Problem requirements
Print the entries underneath word for word, omitting whatever pictures they contain.

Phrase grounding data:
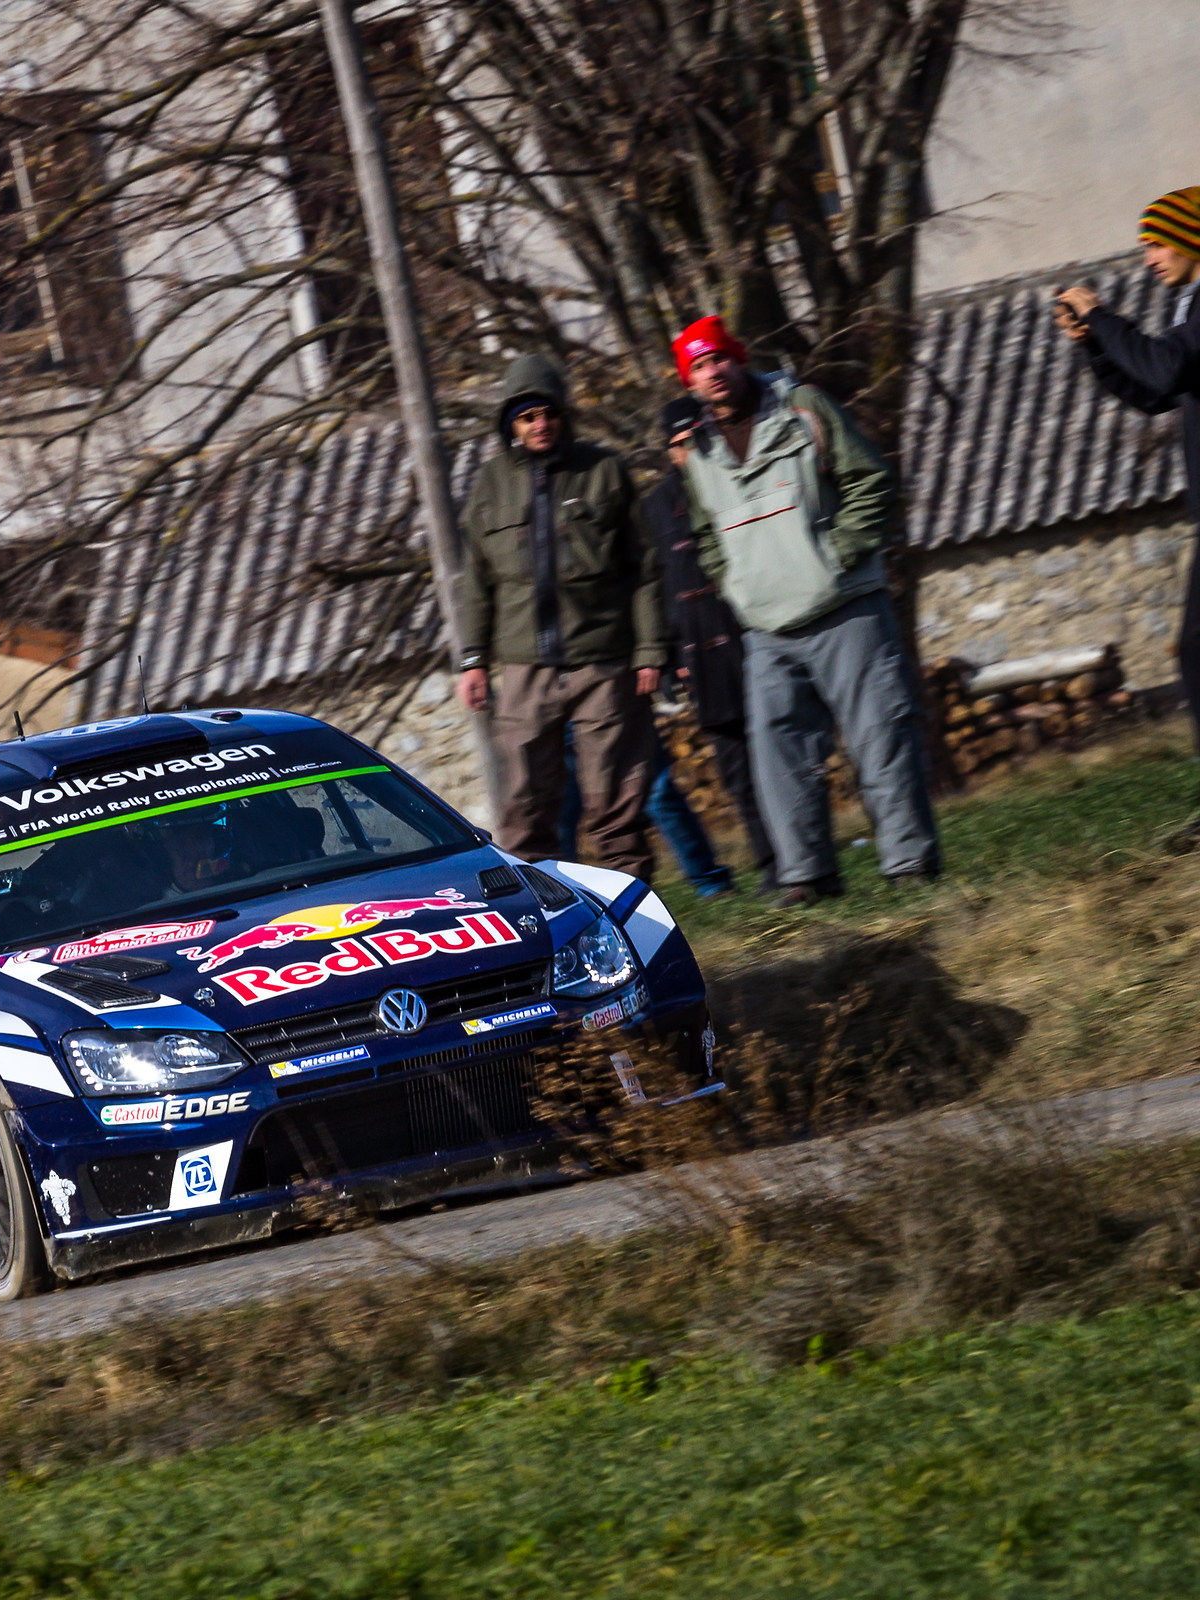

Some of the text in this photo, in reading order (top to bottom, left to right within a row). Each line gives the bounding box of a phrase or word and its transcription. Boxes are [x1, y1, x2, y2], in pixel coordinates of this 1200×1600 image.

[19, 819, 50, 834] FIA
[51, 805, 104, 825] World
[107, 795, 150, 812] Rally
[153, 771, 271, 800] Championship
[217, 911, 519, 1003] Red Bull
[491, 1005, 551, 1026] MICHELIN
[593, 1002, 623, 1028] Castrol
[300, 1047, 365, 1069] MICHELIN
[114, 1091, 252, 1123] Castrol EDGE
[185, 1163, 212, 1189] ZF

Solution for this task
Some of the text in this photo, in reading order (top to bottom, left to right within a row). Each line gives the bounding box of a phrase or word and its transcription. Boxes are [x1, y1, x2, y2], in pixel coordinates of this 1200×1600 image.

[19, 819, 50, 834] FIA
[51, 805, 104, 825] World
[107, 795, 150, 812] Rally
[153, 771, 271, 800] Championship
[217, 911, 519, 1003] Red Bull
[491, 1005, 551, 1026] MICHELIN
[593, 1002, 623, 1028] Castrol
[300, 1047, 365, 1069] MICHELIN
[114, 1091, 252, 1123] Castrol EDGE
[185, 1163, 212, 1189] ZF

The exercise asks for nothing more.